Components of Results of Operations

Revenue
We derive revenue primarily from advertisers (buy-side) and publishers (sell-side). Our post-bid measurement solutions enable advertisers to measure campaign performance and value across viewability, ad fraud prevention, brand safety and suitability for ads on desktop, mobile, CTV, social, display audio, gaming and video platforms. Our pre-bid optimization solutions are directly integrated with DSPs to help optimize return on ad spend by directing budgets to the best available inventory. Our publisher solutions drive yield by identifying high quality ad inventory that is fraud free, viewable, brand safe and suitable, and geographically targeted on a global basis.
We recognize revenue when control of the promised services are transferred to customers.
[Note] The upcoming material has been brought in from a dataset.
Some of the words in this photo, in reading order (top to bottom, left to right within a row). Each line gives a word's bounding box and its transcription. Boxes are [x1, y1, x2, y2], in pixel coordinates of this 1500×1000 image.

We recognize revenue by multiplying the cost per thousand impressions ("CPM") and the number of impressions measured. An impression is measured by the platform when a digital ad is served to a real person rather than a bot in a brand-safe and suitable environment within the correct geography. Contracts with our customers primarily utilize a usage-based structure, where the customer pays a fee to the Company based on the total ads measured. Depending on our customer needs, our contracts may also utilize other pricing arrangements, including minimum commitments, overages based on tiered pricing or flat fees.

Operating Expenses

Cost of revenue. Cost of revenue consists of data center costs, hosting fees, revenue share with our DSP partners and personnel costs. Personnel costs include salaries, bonuses, equity-based compensation, and employee benefit costs, primarily attributable to our customer operations group. Our customer operations group is responsible for onboarding, integration of new clients and providing support for existing customers, including technical support for our technology platform and product offering. We allocate overhead such as rent and occupancy and information technology infrastructure charges based on headcount.
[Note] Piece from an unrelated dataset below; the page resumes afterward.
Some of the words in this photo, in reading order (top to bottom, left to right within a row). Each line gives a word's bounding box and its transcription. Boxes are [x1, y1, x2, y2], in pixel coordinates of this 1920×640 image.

Sales and marketing. Sales and marketing expenses consist primarily of personnel costs, including salaries, bonuses, equity-based compensation, employee benefits costs and commission costs, for our sales and marketing personnel. Sales and marketing expense also includes costs for advertising, promotional and other marketing activities. We allocate overhead such as rent and occupancy and information technology infrastructure charges based on headcount. Sales commissions are expensed as incurred.
Technology and development. Technology and development expenses consist primarily of personnel costs of our engineering, product, and data sciences activities. Personnel costs including salaries, bonuses, equity-based compensation and employee benefits costs, third-party consultant costs associated with the ongoing development and maintenance of our technology platform and product offering. We allocate overhead such as rent and occupancy and information technology infrastructure charges based on headcount. Technology and development costs are expensed as incurred, except to the extent that such costs are associated with software development that qualifies for capitalization, which are then recorded as capitalized software development costs included in internal use software, net on our Consolidated Balance Sheet.
General and administrative. General and administrative expenses consist of personnel costs, including salaries, bonuses, equity-based compensation, and employee benefits costs for our executive, finance, legal, human resources, information technology, and other administrative employees. General and administrative expenses also include outside consulting, legal and accounting services, allocated facilities costs, and travel and entertainment primarily related to intra-office travel and conferences.
Depreciation and amortization. Depreciation and amortization expense consists primarily of depreciation and amortization expenses related to customer relationships, developed technologies, trademarks, favorable leases, equipment, leasehold improvements and other tangible and intangible assets. We depreciate and amortize our assets in accordance with our accounting policies. Maintenance and repairs, which do not extend the useful life of the respective assets, are charged to expense as incurred. Intangible assets are amortized on a straight-line basis over their estimated useful lives or using an accelerated method. Useful lives of intangible assets range from five years to fifteen years.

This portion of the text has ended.